[Requirement]
Print the whole listing again exactly, keeping no pictures in it.
━━━ Input
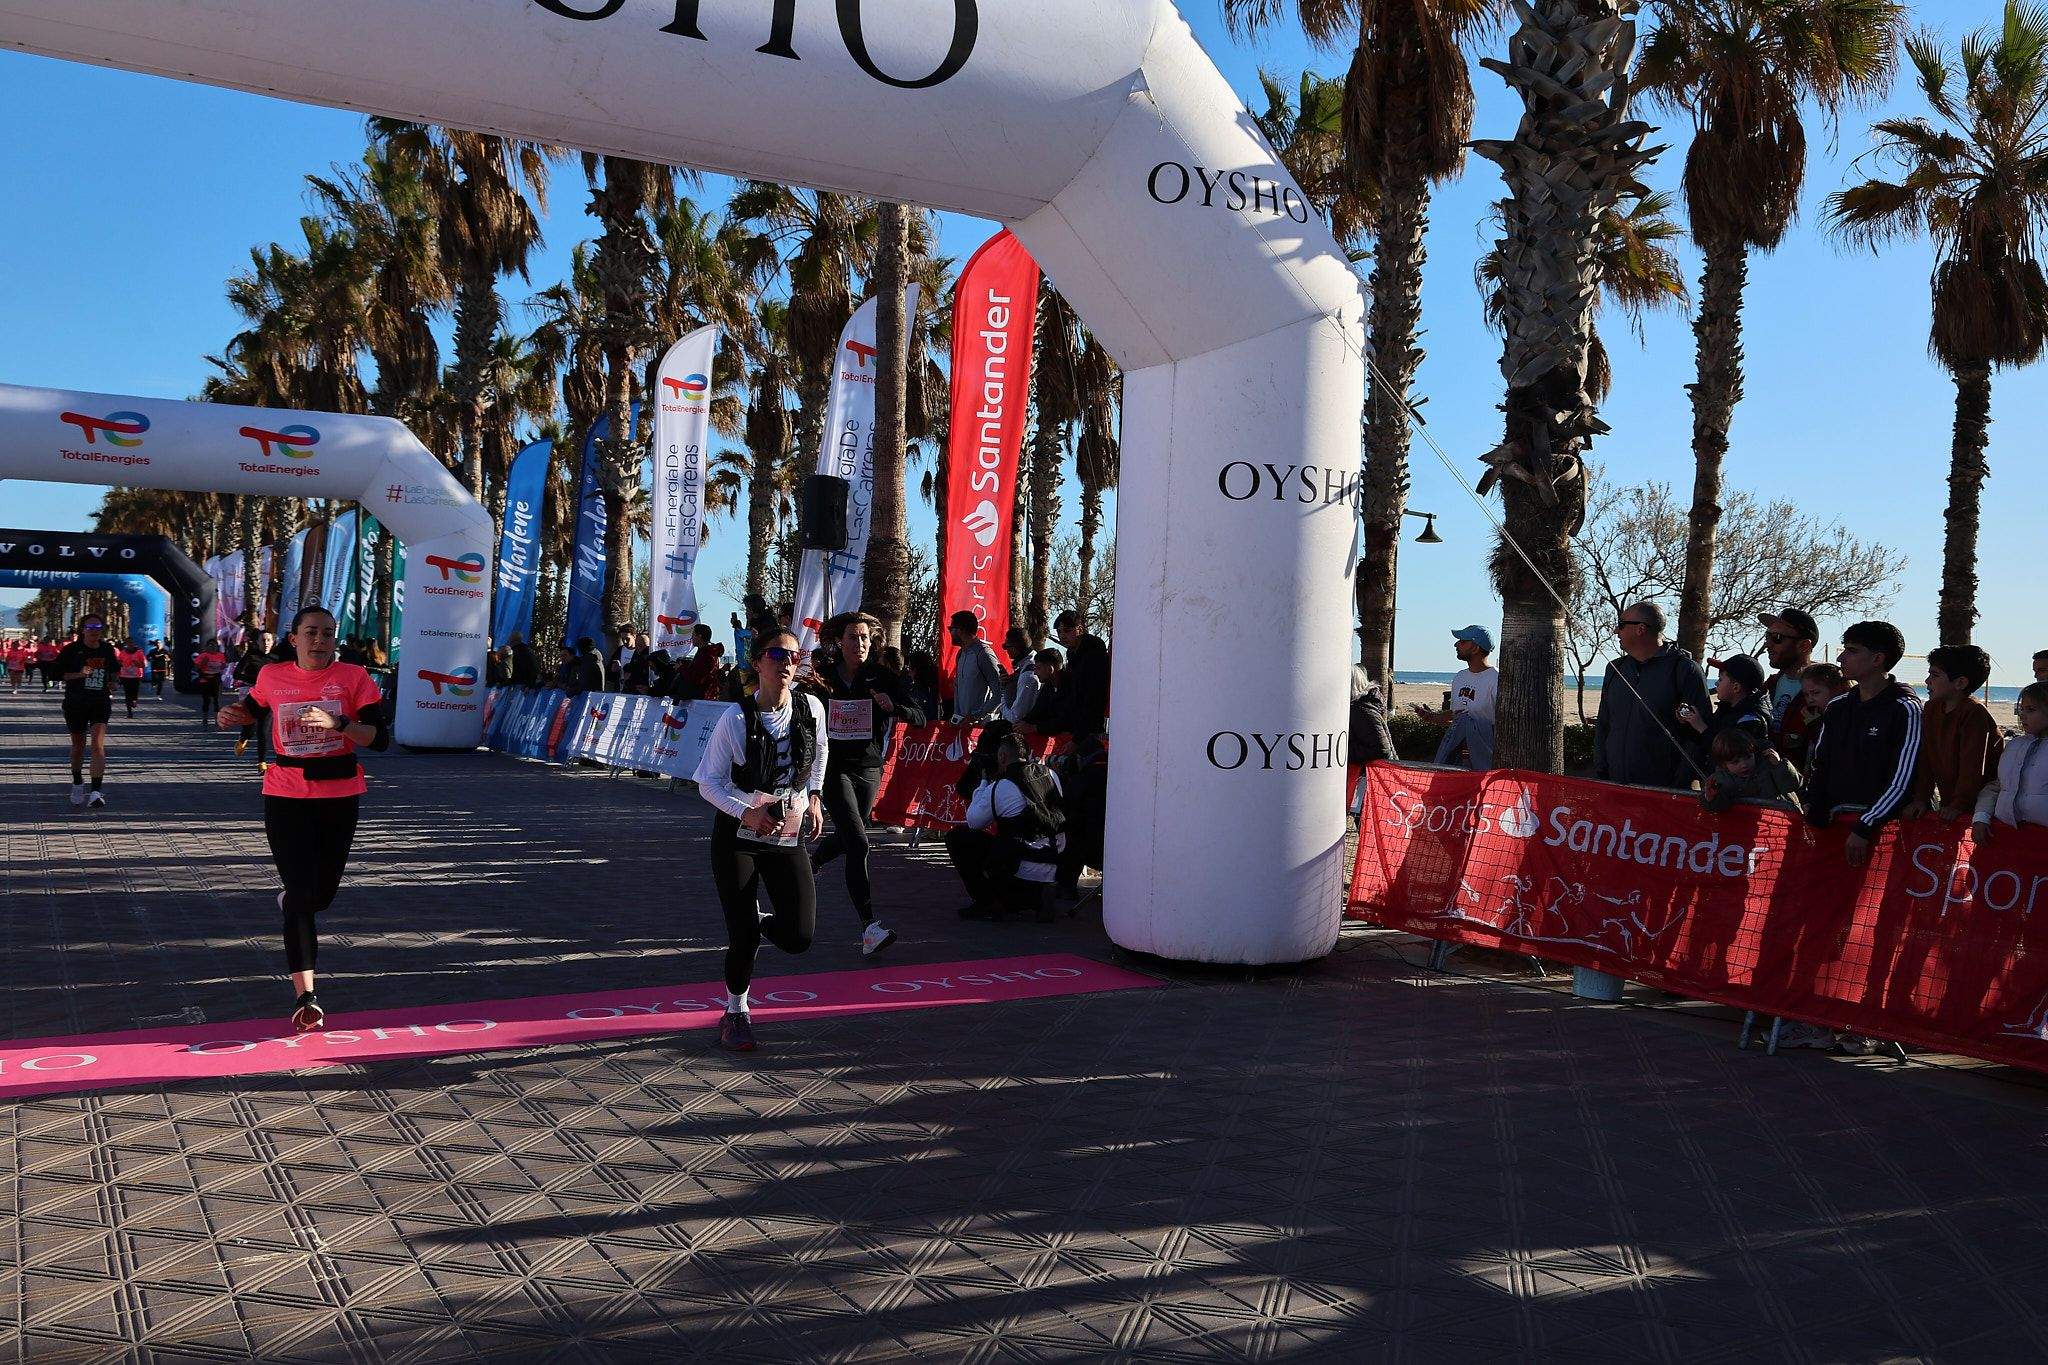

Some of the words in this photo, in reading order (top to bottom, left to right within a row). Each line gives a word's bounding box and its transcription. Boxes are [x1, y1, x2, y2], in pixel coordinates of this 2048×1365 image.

[1147, 161, 1309, 224] OYSHO
[971, 288, 1013, 494] Santander
[59, 449, 151, 466] TotalEnergies
[238, 462, 320, 477] TotalEnergies
[1218, 461, 1360, 506] OYSHO
[0, 543, 137, 559] VOLVO
[499, 500, 537, 592] Marlene
[423, 585, 485, 599] TotalEnergies
[965, 555, 994, 645] ports
[415, 700, 478, 713] TotalEnergies
[900, 735, 945, 767] Sports
[1206, 731, 1348, 771] OYSHO
[1386, 791, 1493, 839] Sports
[1543, 806, 1770, 879] Santander
[870, 967, 1083, 995] OYSHO
[566, 990, 818, 1021] OYSO
[187, 1019, 498, 1056] OYSHO
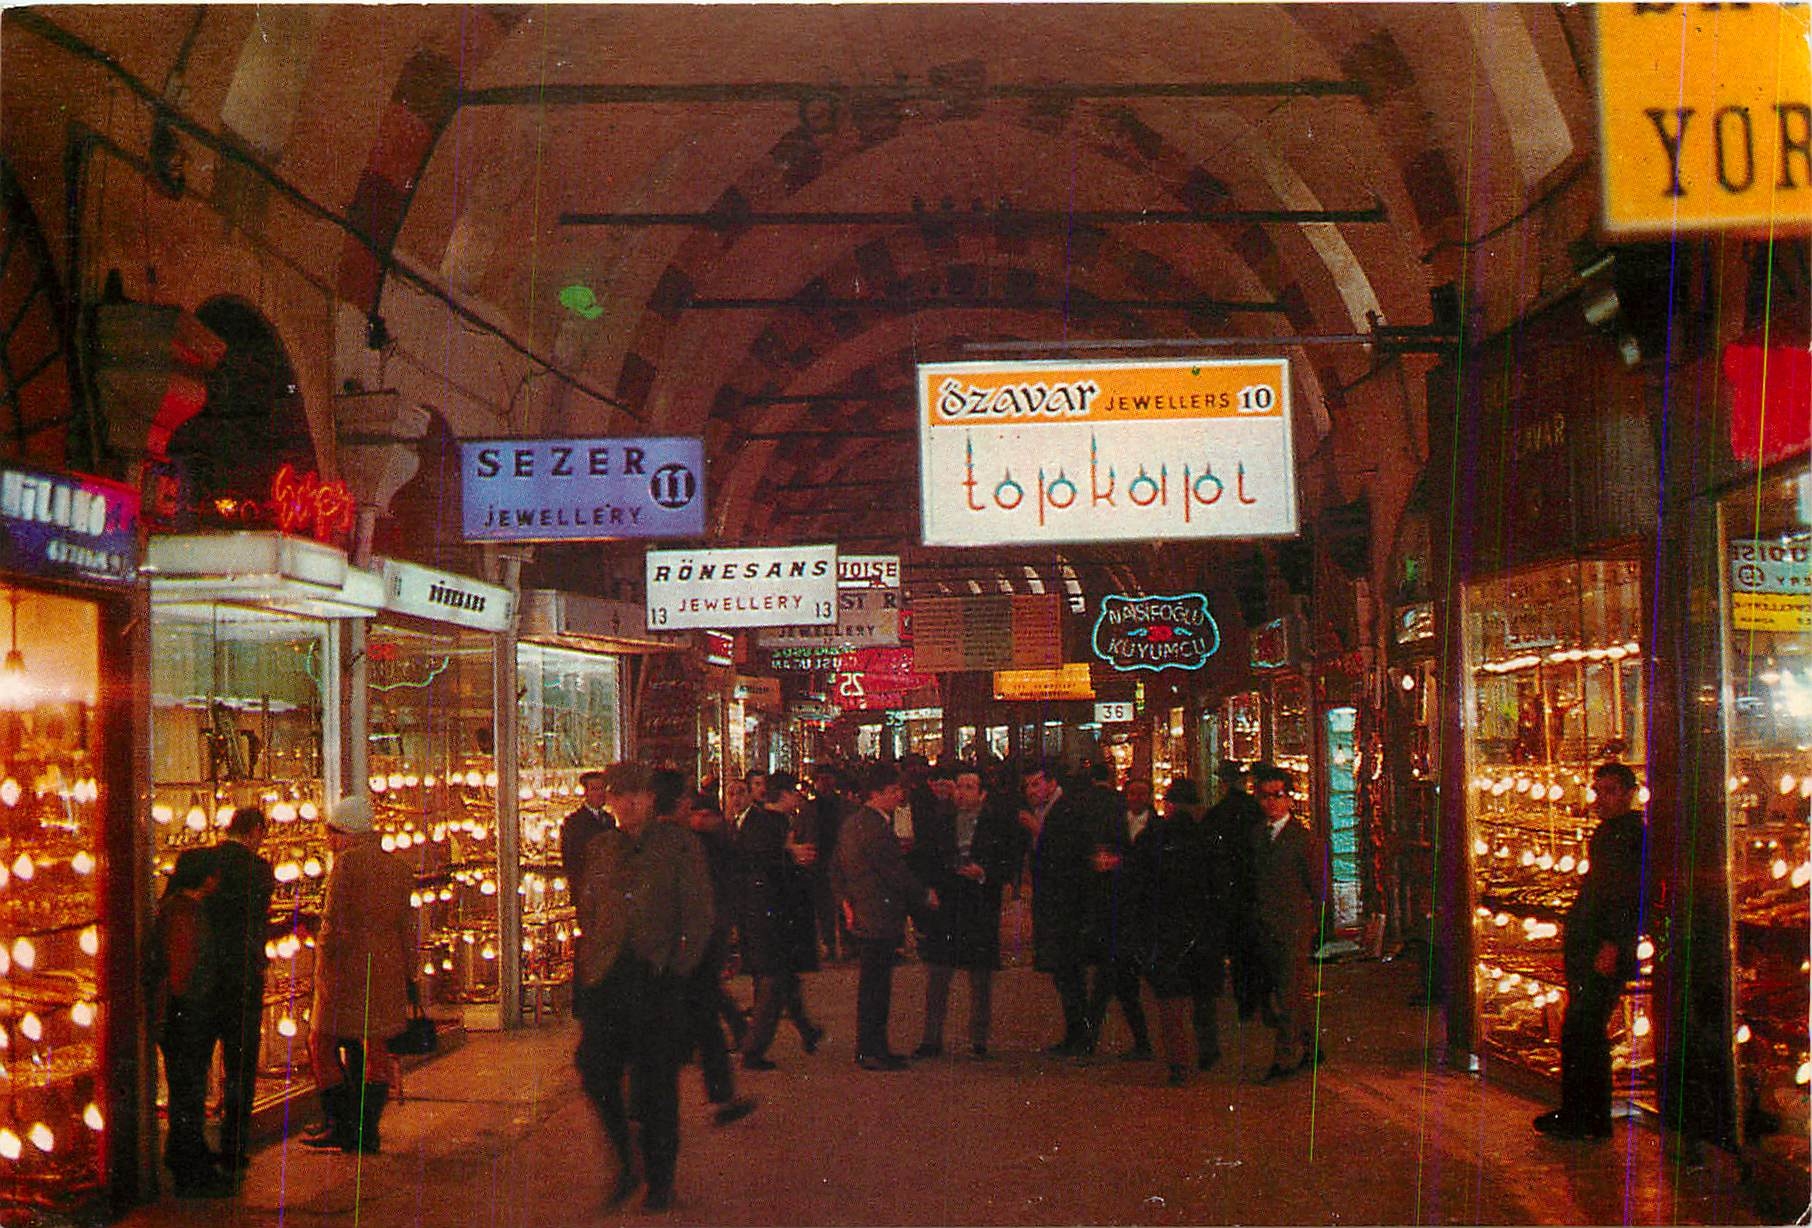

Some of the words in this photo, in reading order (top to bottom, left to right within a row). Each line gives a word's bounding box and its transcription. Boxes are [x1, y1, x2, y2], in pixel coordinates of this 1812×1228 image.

[1100, 392, 1231, 412] JEWELLERS
[1240, 387, 1272, 410] 10
[477, 447, 646, 478] SEZER
[653, 560, 829, 583] RÖNESANS
[651, 607, 668, 625] 13
[815, 601, 833, 619] 13
[678, 595, 804, 612] JEWELLERY
[1102, 704, 1124, 719] 36
━━━━━━
[Solution to this task]
Some of the words in this photo, in reading order (top to bottom, left to right within a row). Each line gives a word's bounding box and its transcription. Boxes are [x1, y1, x2, y2], in pixel coordinates of this 2048×1365 image.

[1147, 161, 1309, 224] OYSHO
[971, 288, 1013, 494] Santander
[59, 449, 151, 466] TotalEnergies
[238, 462, 320, 477] TotalEnergies
[1218, 461, 1360, 506] OYSHO
[0, 543, 137, 559] VOLVO
[499, 500, 537, 592] Marlene
[423, 585, 485, 599] TotalEnergies
[965, 555, 994, 645] ports
[415, 700, 478, 713] TotalEnergies
[900, 735, 945, 767] Sports
[1206, 731, 1348, 771] OYSHO
[1386, 791, 1493, 839] Sports
[1543, 806, 1770, 879] Santander
[870, 967, 1083, 995] OYSHO
[566, 990, 818, 1021] OYSO
[187, 1019, 498, 1056] OYSHO

Some of the words in this photo, in reading order (top to bottom, left to right within a row). Each line gives a word's bounding box and its transcription. Boxes are [x1, y1, x2, y2], in pixel coordinates of this 1812×1228 image.

[1100, 392, 1231, 412] JEWELLERS
[1240, 387, 1272, 410] 10
[477, 447, 646, 478] SEZER
[653, 560, 829, 583] RÖNESANS
[651, 607, 668, 625] 13
[815, 601, 833, 619] 13
[678, 595, 804, 612] JEWELLERY
[1102, 704, 1124, 719] 36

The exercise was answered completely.